In November 2020, the government had approved and allocated an amount of Rs 4,500 crore to be spent over a period of five years on such schemes. According to the guidelines, the PLI scheme will be implemented by MNRE through the Indian Renewable Energy Development Agency (IREDA) as implementing agency.
IREDA will be eligible for 1 percent of the PLI amount disbursed as administrative charges annually.
The responsibilities of IREDA include receipt of applications, examination, and appraisal of applications as per the modalities of the PLI scheme, issuing acknowledgments to applicants, making appropriate recommendations to MNRE after assigning inter-se ranking for approval of beneficiaries, examination of claims of beneficiaries for disbursement of PLI.
IREDA will also be accountable for the compilation of data regarding the progress and performance of the scheme through Quarterly Review Reports and other documents.
It is envisaged that the beneficiaries will be selected by a transparent bidding process. However, preference will be given to manufacturers who set up higher capacity plants.
“In order to qualify for the bid, the applicant manufacturer will have to undertake to set up a manufacturing plant of minimum 1,000 MW capacity,” the ministry said.
The scheme is not only aimed at promoting the setting up of integrated plants for better quality control and competitiveness but also to develop an ecosystem for sourcing local material in solar manufacturing, generating employment and reducing the country’s import dependence.
The guidelines further state that Greenfield new solar PV module manufacturing units will be eligible for PLI and brownfield projects will also be allowed to participate under the eligibility criteria.
It added that though a manufacturer can bid for any megawatt capacity, the maximum capacity that can be awarded to one bidder under the PLI scheme remains 50 percent of the bid capacity or 2,000 MW, whichever is less, to accommodate at least three manufacturers under the overall envelope of Rs 4,500 crore.

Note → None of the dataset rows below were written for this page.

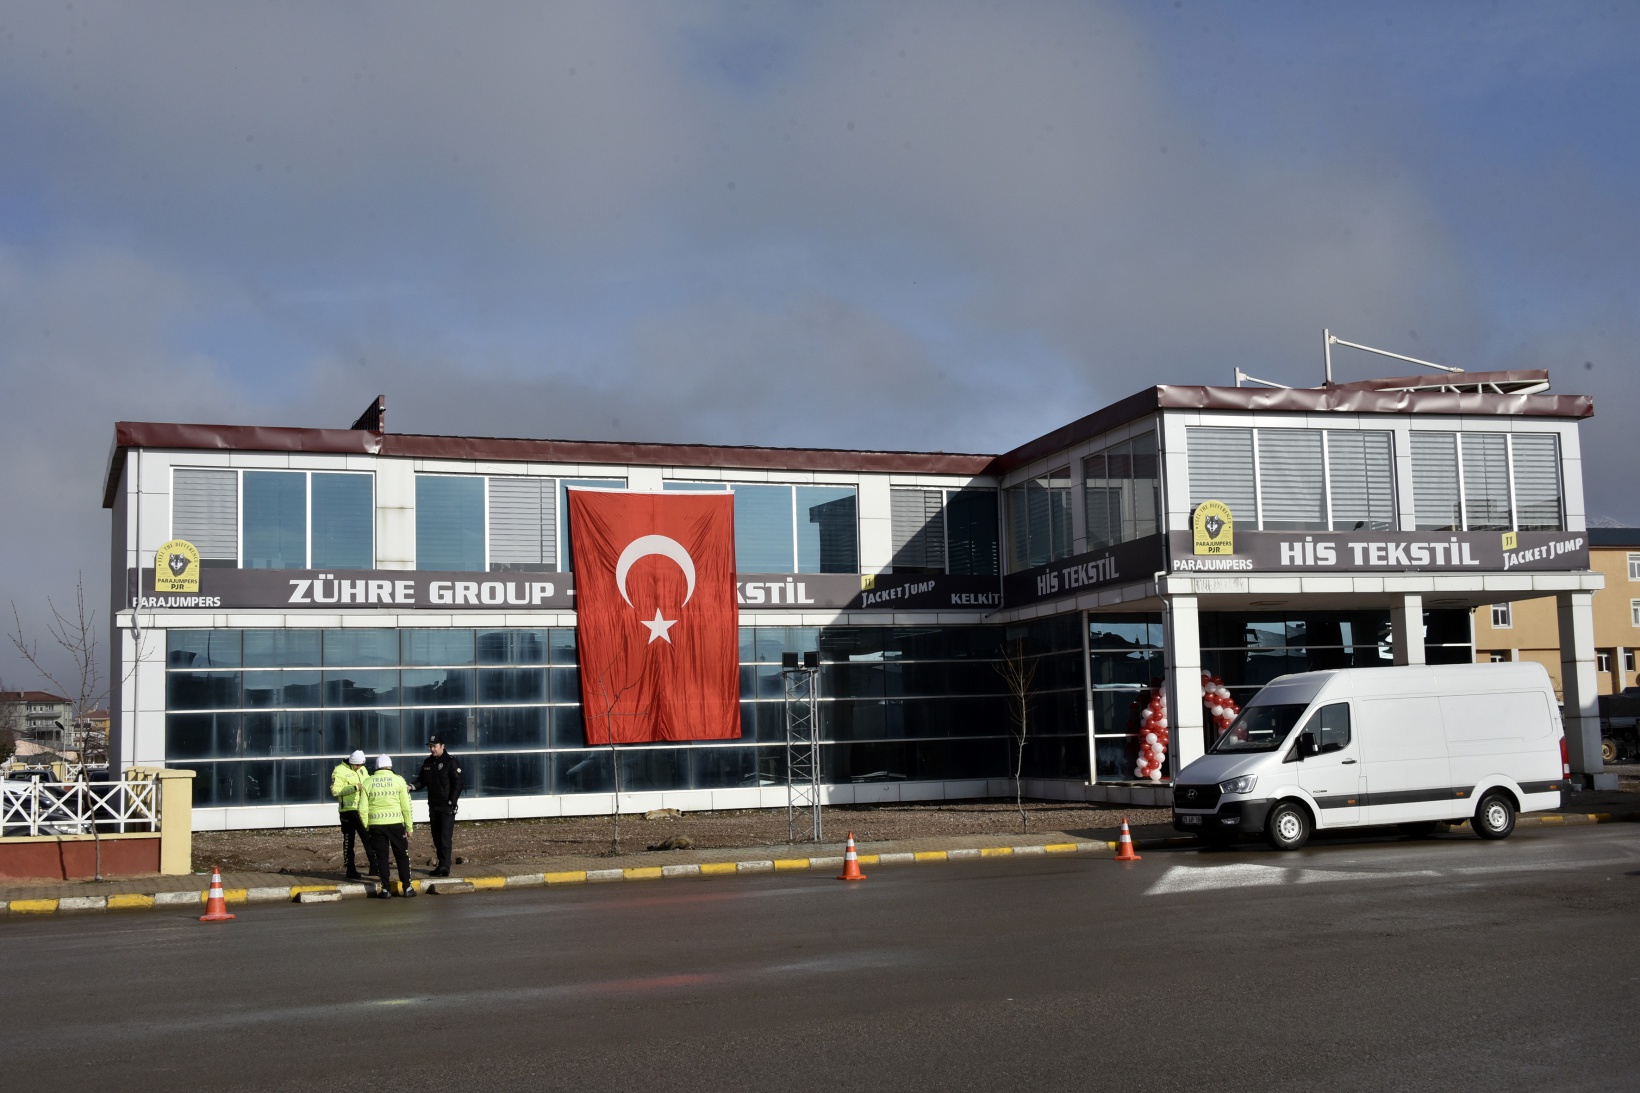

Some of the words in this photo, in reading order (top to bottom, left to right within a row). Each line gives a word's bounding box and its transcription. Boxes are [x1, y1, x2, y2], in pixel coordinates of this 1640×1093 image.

[1173, 559, 1253, 570] PARAJUMPERS
[1280, 536, 1337, 566] HİS
[1348, 536, 1480, 566] TEKSTİL
[1503, 546, 1548, 571] JACKET
[1549, 538, 1584, 560] JUMP
[1037, 568, 1059, 596] HİS
[1062, 552, 1120, 590] TEKSTİL
[132, 596, 221, 608] PARAJUMPERS
[288, 573, 416, 604] ZÜHRE
[429, 580, 555, 605] GROUP
[861, 587, 903, 609] JACKET
[904, 580, 936, 599] JUMP
[951, 592, 1001, 605] KELKİT
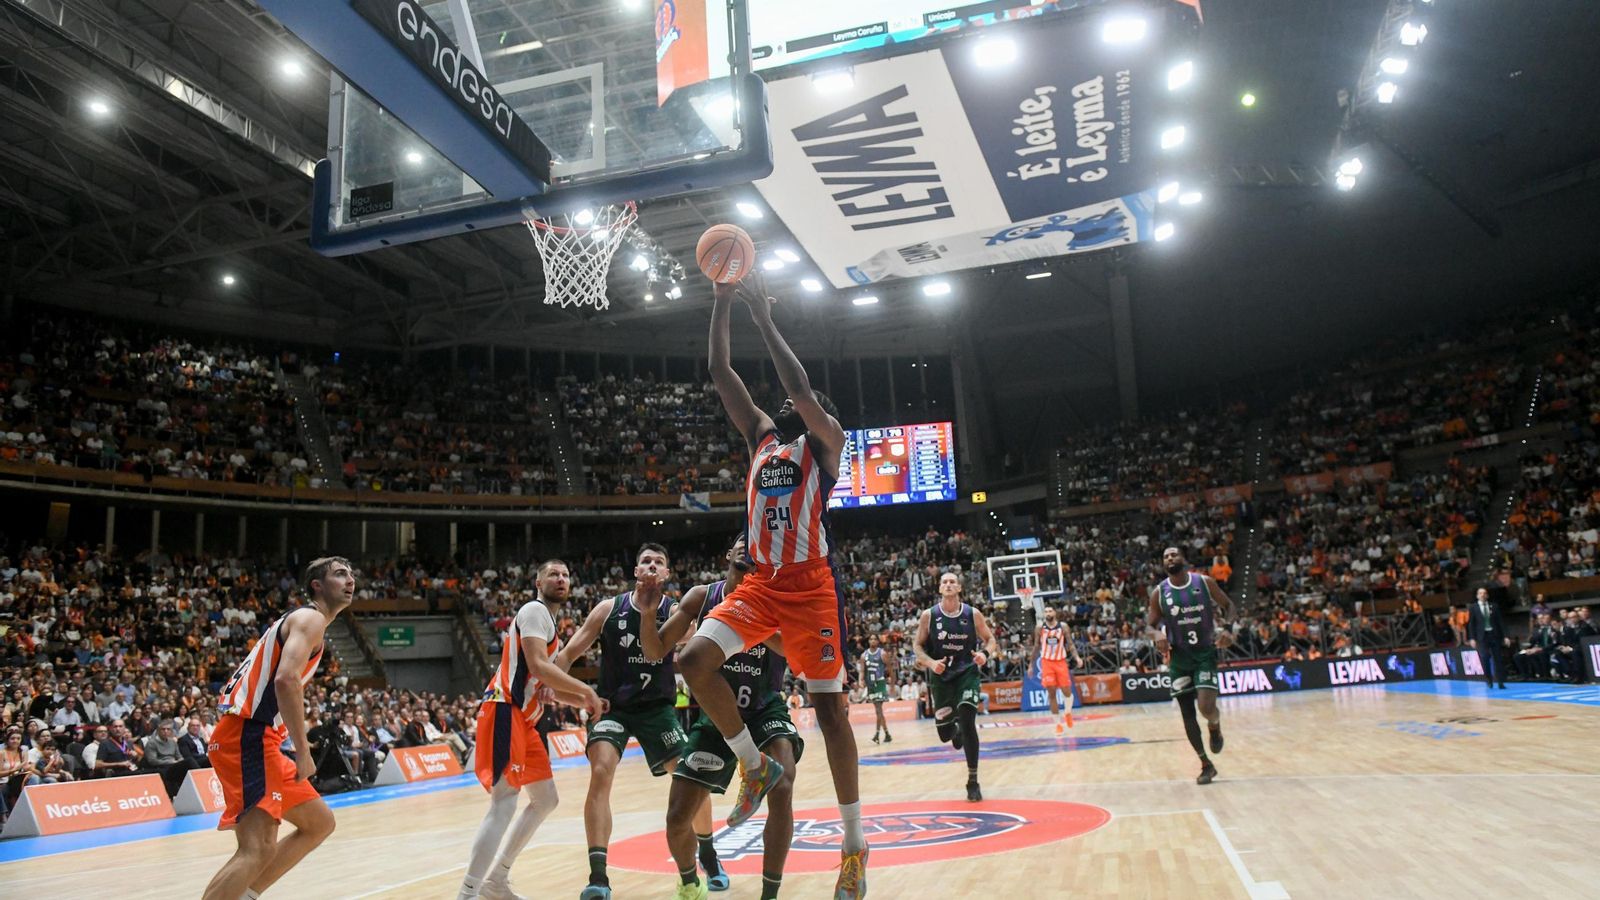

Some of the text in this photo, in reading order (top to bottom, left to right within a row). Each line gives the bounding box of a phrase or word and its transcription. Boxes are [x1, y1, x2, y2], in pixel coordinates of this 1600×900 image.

[928, 10, 956, 23] Unicaja
[833, 29, 857, 42] Leyma
[397, 1, 513, 139] endesa
[1115, 69, 1130, 96] 1962
[1006, 86, 1061, 181] É leite,
[1066, 75, 1115, 168] Leyma
[791, 84, 955, 231] LEYMA
[761, 465, 794, 478] Estrella
[761, 475, 793, 488] Galicia
[765, 506, 794, 531] 24
[1188, 630, 1199, 645] 3
[723, 661, 761, 676] málaga
[1328, 658, 1385, 685] LEYMA
[640, 673, 652, 690] 7
[1125, 674, 1172, 691] ende
[1217, 668, 1273, 694] LEYMA
[737, 685, 752, 708] 6
[45, 790, 161, 819] Nordés ancín

Manufacturing units not eligible for the Rs 4,500-crore PLI scheme will be outfits that have already availed the benefit under the modified special incentive package scheme (M-SIPS) programme of electronics ministry.
Also, manufacturing units that have imported capital goods for setting up the module manufacturing facility before the last date of bid submission will be excluded from consideration of the PLI program.
Regarding disbursement under the scheme, the guidelines added that the manufacturing units sanctioned under the programme would be eligible for getting PLI on the annual basis on sales of high-efficiency solar PV modules for five years from commissioning or five years from the scheduled commissioning date.